Moroccan Food

Posted by sue on November 15th, 2006

In response to heavy demand (okay, Jeanene asked), a word about eating in Morocco.

The food, in theory, is very good, and very similar to the food we had at Moroccan restaurants in L.A. The main dish here is tagine, a kind of stew/casserole dish made in a clay dish with a conical lid (called a tagine). It can have different ingredients– we most commonly see chicken or beef with vegetables, but it could be just about anything. And of course there’s couscous, usually prepared with meat and vegetables and sauce. Both tagine and couscous are typically eaten with your fingers (right hand only!) with pieces of bread to scoop out the food. And finally, one of our favorite things is pastilla, which is usually sweet chicken with cinnamon inside a pastry.

However, the delicious potential of Moroccan cooking is sadly not met in most of the restaurants we’ve eaten in. They just don’t have much of a restaurant culture here, so most people cook their big meals at home, so your best bet is “home cooking.” The best tagine I’ve had in Fez was at a group dinner at the student residence prepared by a very nice Moroccan woman named Leila, and the tagine prepared in caves (no joke!) by Berber women we had by the river on our field trip was also quite good. We do hear that there are some more expensive places in the medina with good food, but we’re trying to economize. We will have to splurge at some point.

Somewhat oddly, the best pastilla we’ve had was in a restaurant just around the corner from ALIF, which is an Italian place run by a nice Australian woman named Juliet.
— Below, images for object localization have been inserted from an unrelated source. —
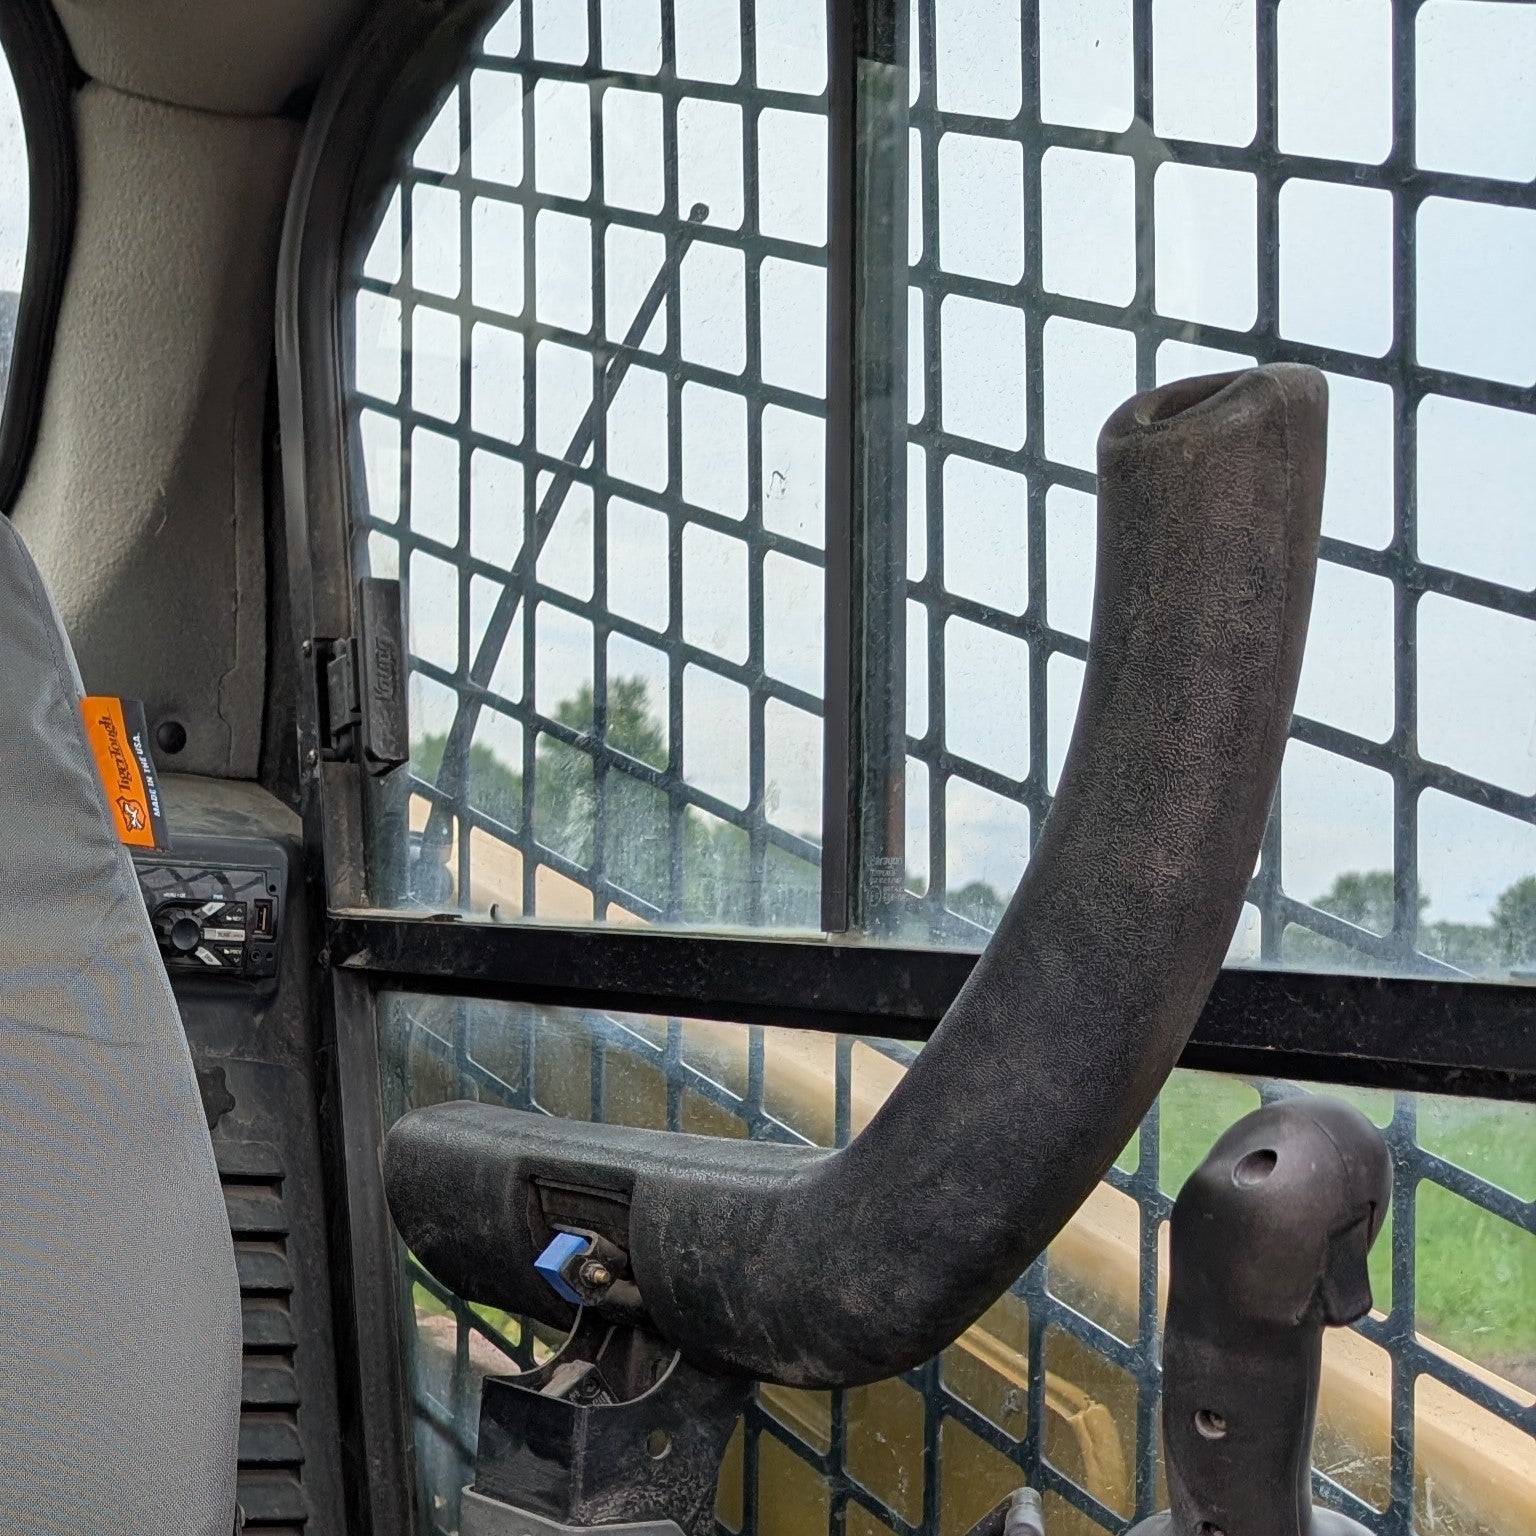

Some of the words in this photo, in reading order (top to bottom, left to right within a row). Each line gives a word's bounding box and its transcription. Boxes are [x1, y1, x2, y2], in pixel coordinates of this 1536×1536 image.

[98, 707, 133, 793] TigerTough
[137, 756, 150, 774] THE
[145, 776, 155, 787] IN
[149, 788, 161, 817] MADE
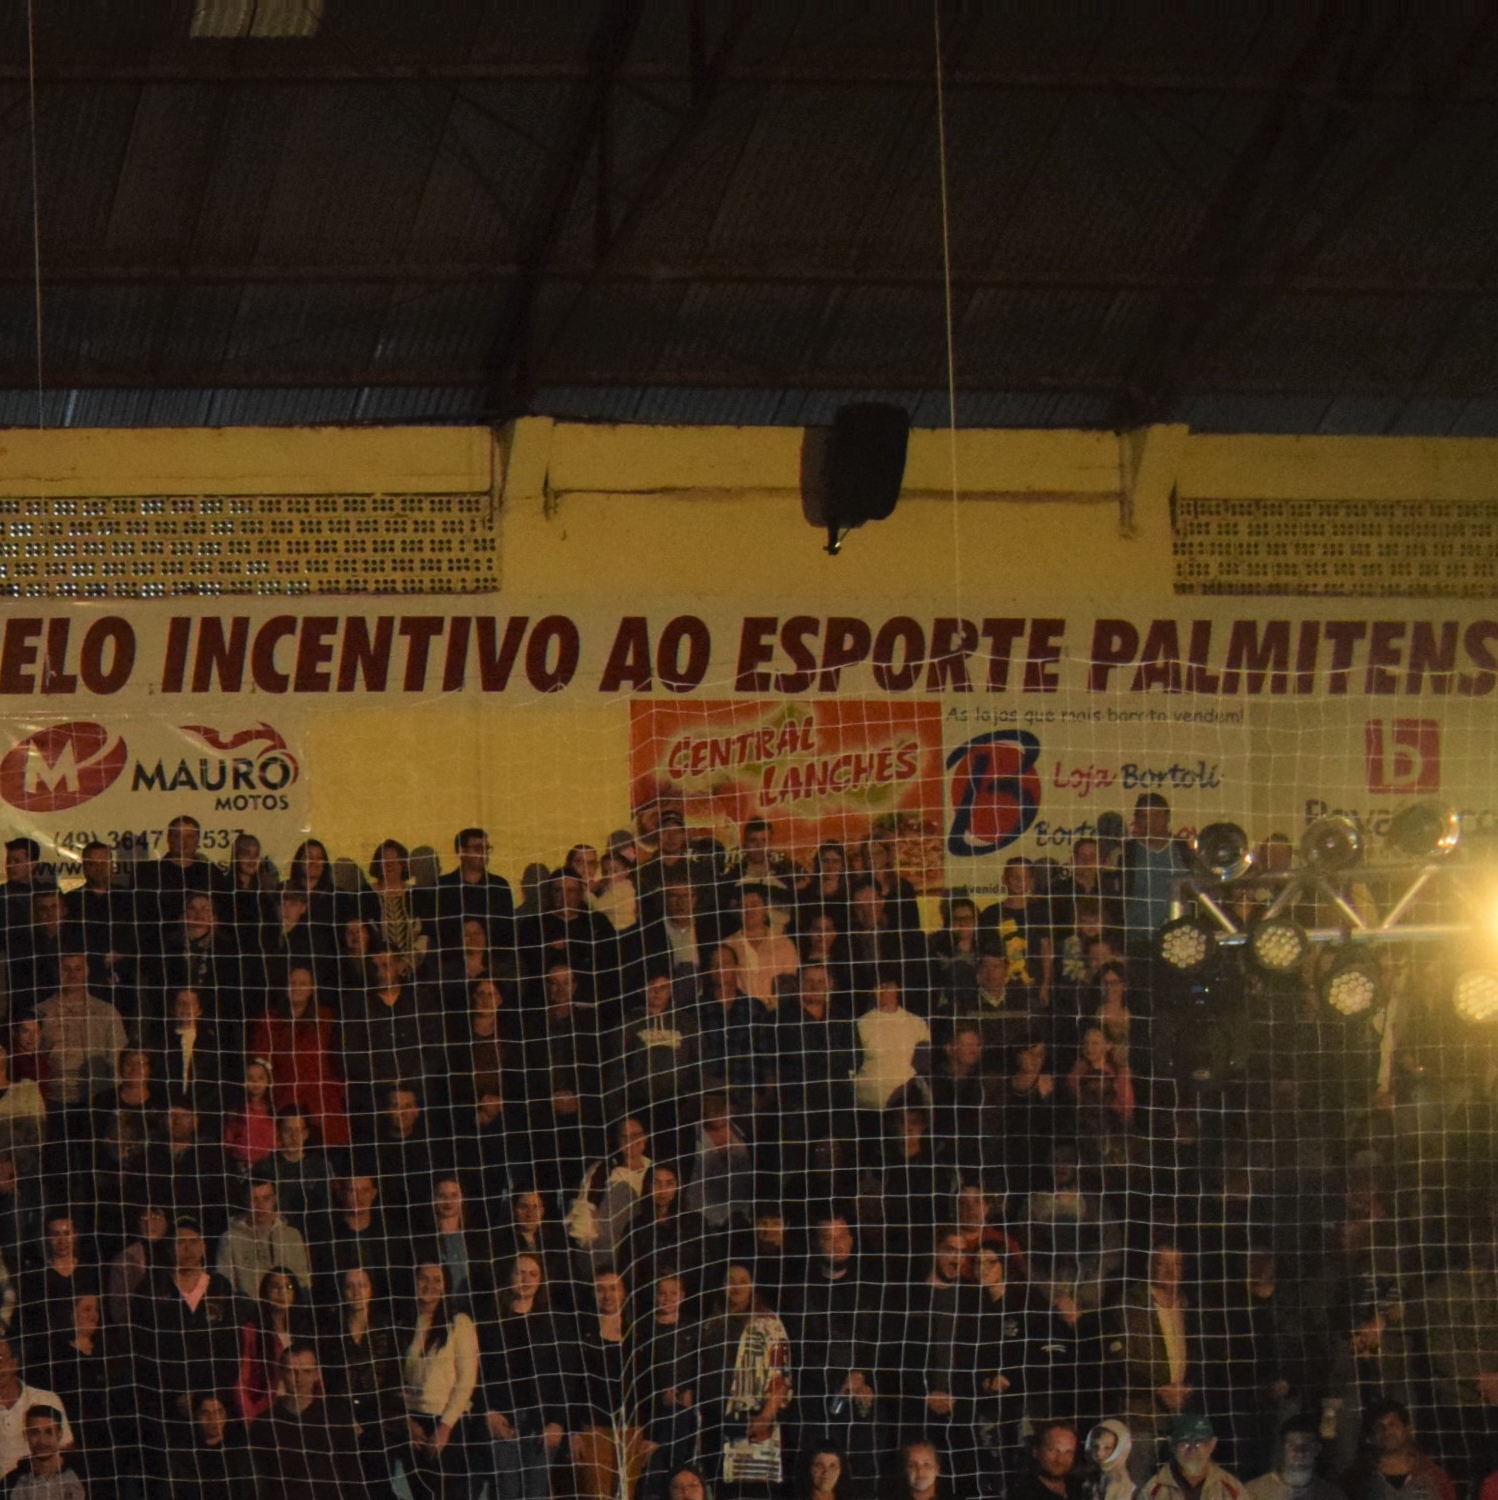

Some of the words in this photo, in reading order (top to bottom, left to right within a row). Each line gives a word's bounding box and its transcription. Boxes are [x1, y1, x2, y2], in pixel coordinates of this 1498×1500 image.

[160, 615, 582, 695] INCENTIVO
[598, 615, 712, 694] AO
[734, 615, 1068, 694] ESPORTE
[1024, 710, 1055, 726] que
[667, 715, 817, 780] CENTRAL
[131, 755, 292, 792] MAURO
[759, 740, 919, 808] LANCHES
[1054, 761, 1117, 798] Loja
[1121, 760, 1221, 789] Bortoli
[214, 794, 290, 811] MOTOS
By this point, I’ve had so much ho-hum restaurant food that I’m just not that excited to eat out, so Len and I make simple food at home. It is cheaper and healthier, but it’s funny that now that we’re actually cooking at home as much as we can, we don’t have our nice Calphalon pans or pile of utensils. We have a couple of cheapie pans, 4 forks, 3 spoons, 3 knives, 2 plates and 2 bowls. If we ever invite anyone over, we’ll have to buy more.

5 Responses to “Moroccan Food”

  1. Sean Says:

    Dude, I LOVE Australian-Italian-Moroccan food!!

  2. Jeanene Carvajal Says:

    What? No sushi! Augggggh! Any Mexican Food? Hamburgers? What about cookie dough? How could anybody live without these! I admire your strength.

    Any Australian food? Like in Outback?

    You need to get an extra dish and fork for me when I come visit. I am not sharing with Len. He uses his left hand!

  3. Jeanene Carvajal Says:

    I almost forgot! You need to learn to say the following phrases in Arabic before my visit:
    1.- 3 coronas and 2 women please
    2.- Do you serve Nigiri Sushi?
    3.- May I please have some Tapatio?
    4.- Officer, it just jumped right out infront of me!
    5.- I would like to have the special.
    6.- What is your best offer for my blonde friend here?
    7.- Did I mention she can play the piano? That has to be worth more.
    8.- Fine but you are getting her for a steal.
    9.- No, I am not interested in that. However if I were I would offer a quarter of the price you have listed there.
    10.- See this tall gentleman, he may look thin but he is a strong worker. He will do good work for you. I will not take less than double your offer.

  4. Daniel Says:

    Ug. And your kitchen at the house was friggn’ sweet! But, there is little adventure in cooking in your own kitchen and many memories to be had in a small, under equipped, far away kitchen. The food you cook now will always nurish you, and the kitchen you return to will never be taken for granted again.

    Thinking of you both,

    Daniel and Trudy

  5. Cathy Says:

    Mom H is very concerned about your camera charger. She didn’t insure it. She sent it two weeks ago. Now she would like all pertinent information to try to get you a new one. Then she’ll try sending again with insurance this time.

    Contrary to appearances the farm now has satellite internet service!

    –I remain the Mom H puppetmaster.